Best-selling author to give second annual Ida B. Wells Lecture

Best-selling author and famed Smith College Africana studies professor, Paula J. Giddings, will give the second annual Ida B. Wells Lecture on November 8 in Mary Baldwin’s Francis Auditorium at 7 p.m. 

The talk, titled “Ida B Wells: Race, Gender, and the Vote,” will be drawn from research Giddings conducted while writing her 2009 biography, A Sword Among Lions: Ida B. Wells and the Campaign Against Lynching

The tome was named a Washington Post and Chicago Tribune book of the year, and won numerous awards — including the Los Angeles Times Book Prize for Biography, the Association of Black Women Historians’ Letitia Woods Brown Book Award, and was a finalist for the National Book Critics Circle award.

Best-selling author and famed Smith College africana studies professor Paula J. Giddings will give the second annual Ida B. Wells Lecture on November 8 in Mary Baldwin’s Francis Auditorium at 7 p.m. The talk will be livestreamed, for those that can’t attend in-person.
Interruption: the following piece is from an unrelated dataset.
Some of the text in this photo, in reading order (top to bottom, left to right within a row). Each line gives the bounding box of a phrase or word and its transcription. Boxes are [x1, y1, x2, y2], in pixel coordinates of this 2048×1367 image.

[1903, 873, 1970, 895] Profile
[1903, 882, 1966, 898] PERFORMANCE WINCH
The name and values of celebrated Black civil rights activist, suffragist, and journalist Ida B. Wells have been woven into Mary Baldwin’s campus culture for decades. 
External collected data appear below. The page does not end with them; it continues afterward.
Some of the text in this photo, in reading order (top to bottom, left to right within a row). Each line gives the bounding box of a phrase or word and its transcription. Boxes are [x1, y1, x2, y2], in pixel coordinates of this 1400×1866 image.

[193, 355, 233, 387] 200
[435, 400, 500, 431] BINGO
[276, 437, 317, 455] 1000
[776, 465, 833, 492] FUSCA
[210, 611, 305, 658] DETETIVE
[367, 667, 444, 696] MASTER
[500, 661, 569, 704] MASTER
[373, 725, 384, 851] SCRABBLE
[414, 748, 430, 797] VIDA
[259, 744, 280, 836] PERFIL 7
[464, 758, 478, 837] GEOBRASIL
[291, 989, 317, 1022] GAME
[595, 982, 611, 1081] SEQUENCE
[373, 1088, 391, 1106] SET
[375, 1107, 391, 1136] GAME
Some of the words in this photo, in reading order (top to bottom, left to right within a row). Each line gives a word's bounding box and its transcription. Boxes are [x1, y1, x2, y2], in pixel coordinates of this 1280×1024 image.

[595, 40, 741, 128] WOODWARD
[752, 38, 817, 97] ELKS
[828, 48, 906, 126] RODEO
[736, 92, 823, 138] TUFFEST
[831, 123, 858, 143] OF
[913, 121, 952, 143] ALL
Wells was born enslaved in Mississippi in 1862 and won international acclaim using journalism and activism to battle Jim Crow era injustices and sexism. MBU’s eponymic Living Learning Community honors her legacy by helping African American students excel academically while exploring culture, identity, leadership, and civic engagement as the foundation for their university experience. 
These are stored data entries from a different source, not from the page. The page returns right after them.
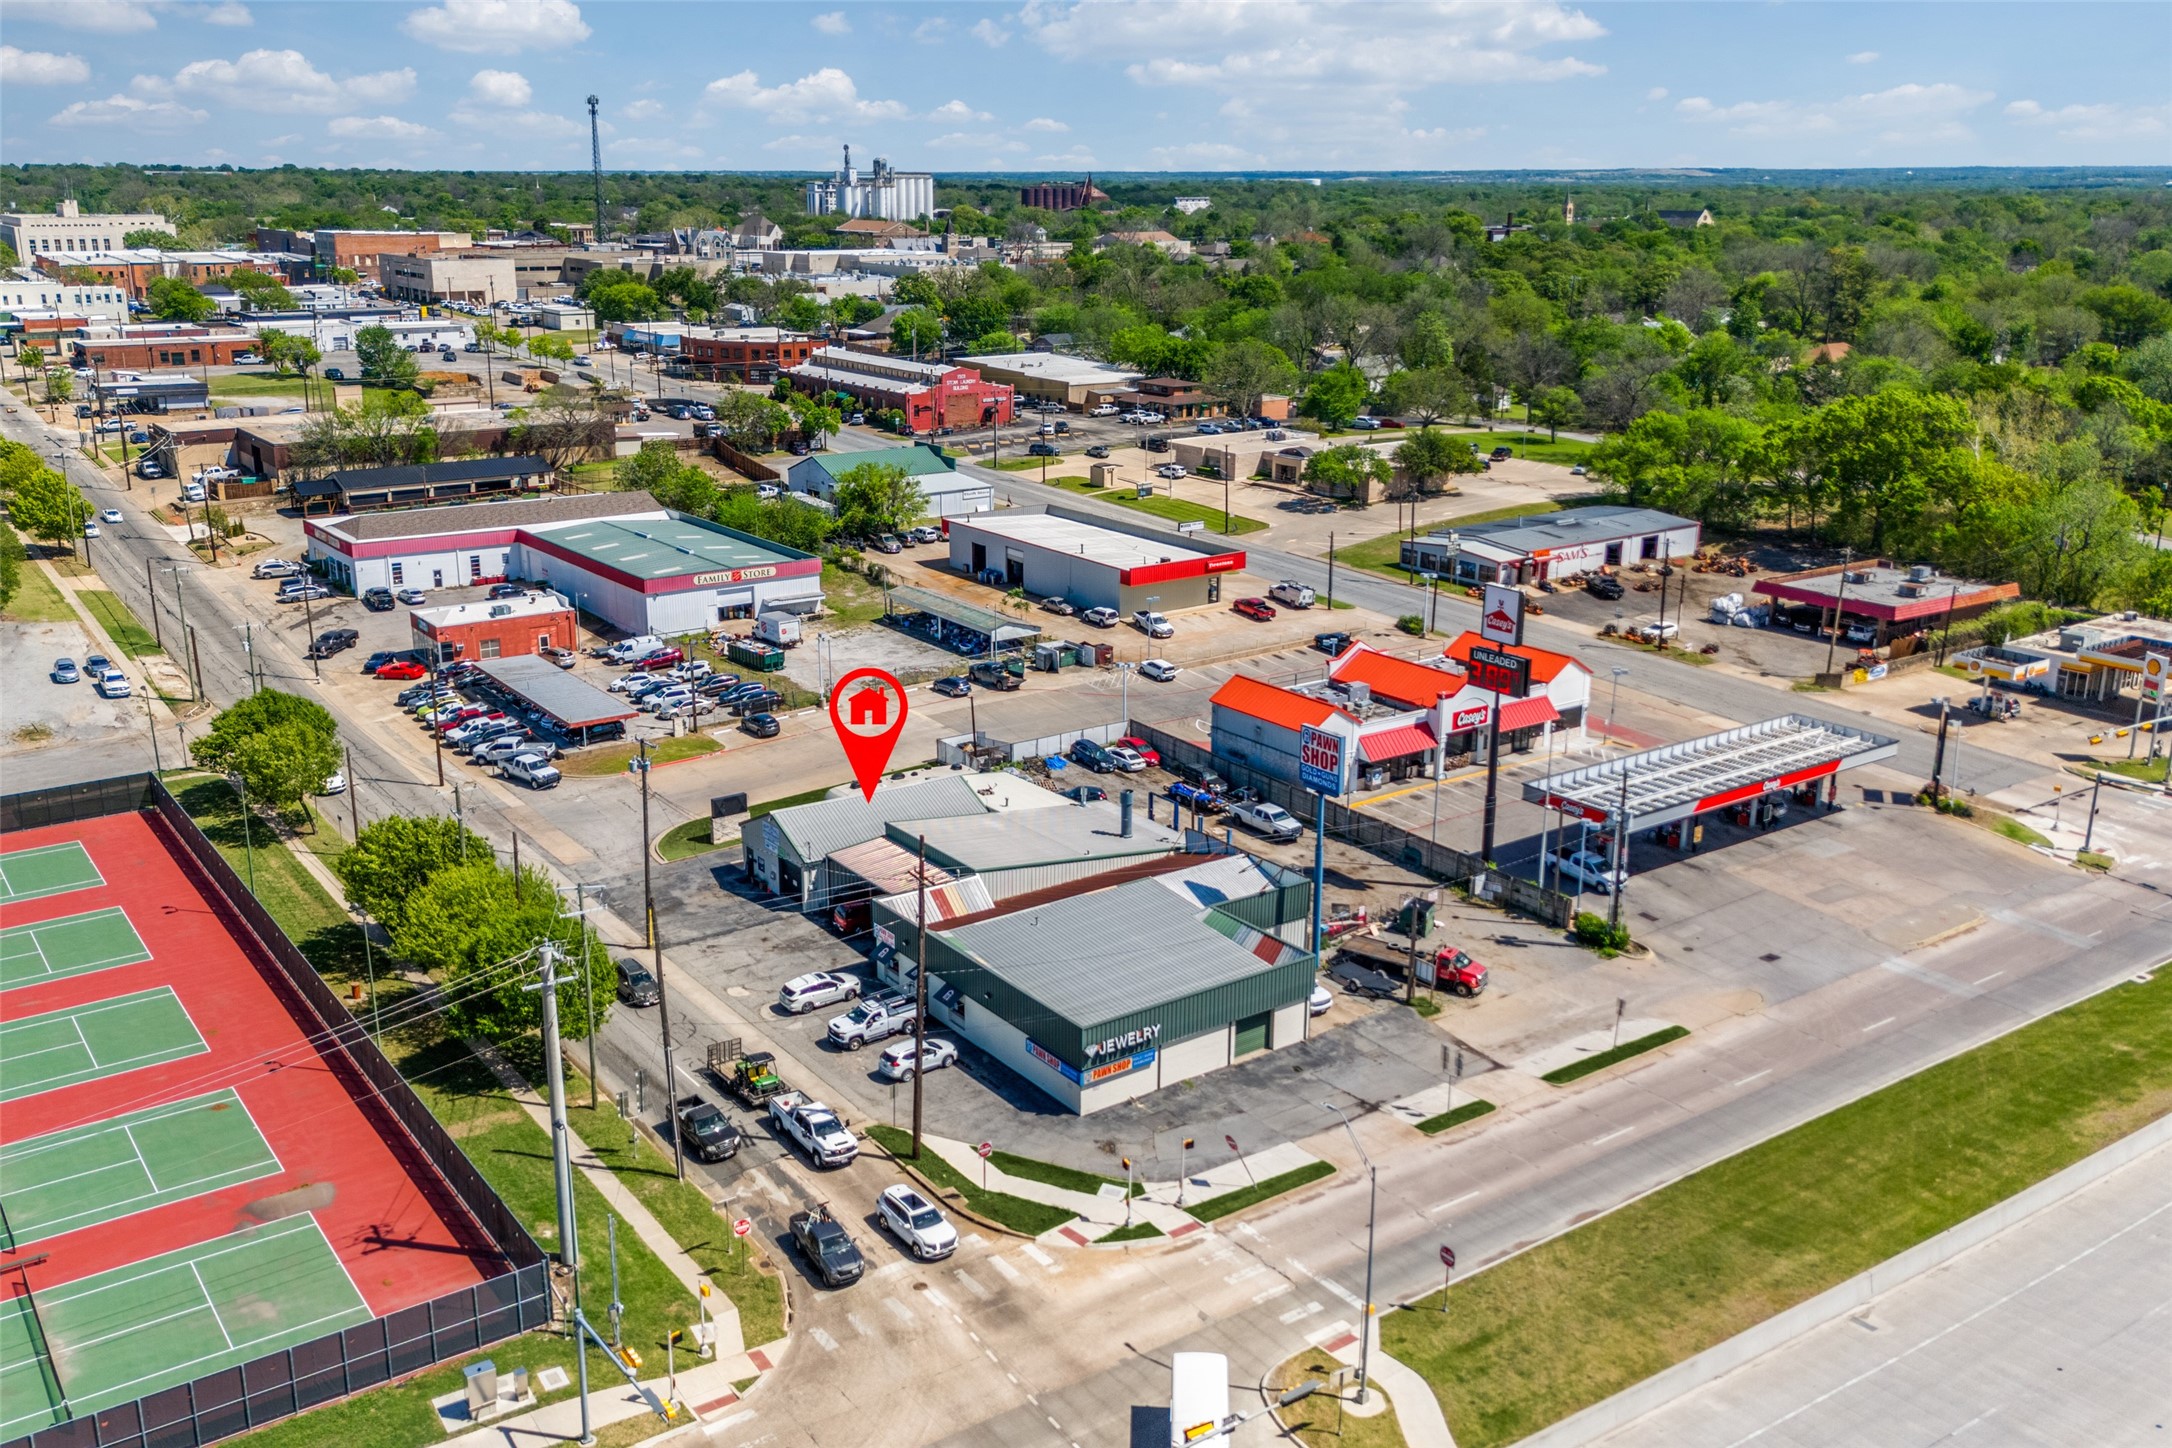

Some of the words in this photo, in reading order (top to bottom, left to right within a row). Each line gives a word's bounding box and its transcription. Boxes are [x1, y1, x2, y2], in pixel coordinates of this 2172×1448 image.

[697, 573, 730, 584] FAMILY
[743, 568, 771, 578] STORE
[1487, 615, 1512, 630] Casey's
[1473, 650, 1517, 668] UNLEADED
[1457, 708, 1486, 726] Casey's
[1311, 731, 1339, 753] PAWN
[1302, 744, 1338, 772] SHOP
[1301, 764, 1317, 775] GOLD
[1321, 771, 1338, 783] GUNS
[1302, 772, 1336, 790] DIAMONDS
[1098, 1023, 1161, 1055] JEWELRY
[1093, 1065, 1112, 1079] PAWN
[1112, 1059, 1131, 1074] SHOP
That legacy was expanded with the launch of the inaugural Ida B. Wells Lecture in 2021. The annual fall event brings prominent national experts to campus to discuss topics of race and social justice within the context of current events.

“I’m thrilled to be able to bring such a prestigious scholarly author and lecturer to Mary Baldwin to speak and engage with our students,” said MBU Chief Diversity Officer Andrea Cornett-Scott. This is “a personal honor, and an incredible cultural opportunity for both our students and the Staunton-Augusta community.”

“I am only a mouthpiece through which to tell the story of lynching, and I have told it so often that I know it by heart. I do not have to embellish; it makes its own way.”

Ida B. Wells

Giddings currently serves as Smith College’s Elizabeth A. Woodson Professor Emerita of Africana Studies. She has taught at Duke, Princeton, Spelman College, and Rutgers; holds multiple honorary doctoral degrees; and is a Guggenheim Foundation fellow. 

Giddings served as an editor and Paris bureau chief for Encore American, and Worldwide News. Her journalism has appeared in major outlets like the Washington Post, New York Times, Philadelphia Inquirer, International Herald Tribune, and The Nation. 

The second annual Ida B. Wells lecture is cosponsored by the Office of Diversity, Equity, and Inclusion, the United Black Student Alliance, the Woodrow Wilson Presidential Library, the Mary Baldwin College for Women, the Spencer Center for Civic and Global Engagement, the Grafton Library, and various departments within the new Gold College of Arts and Sciences.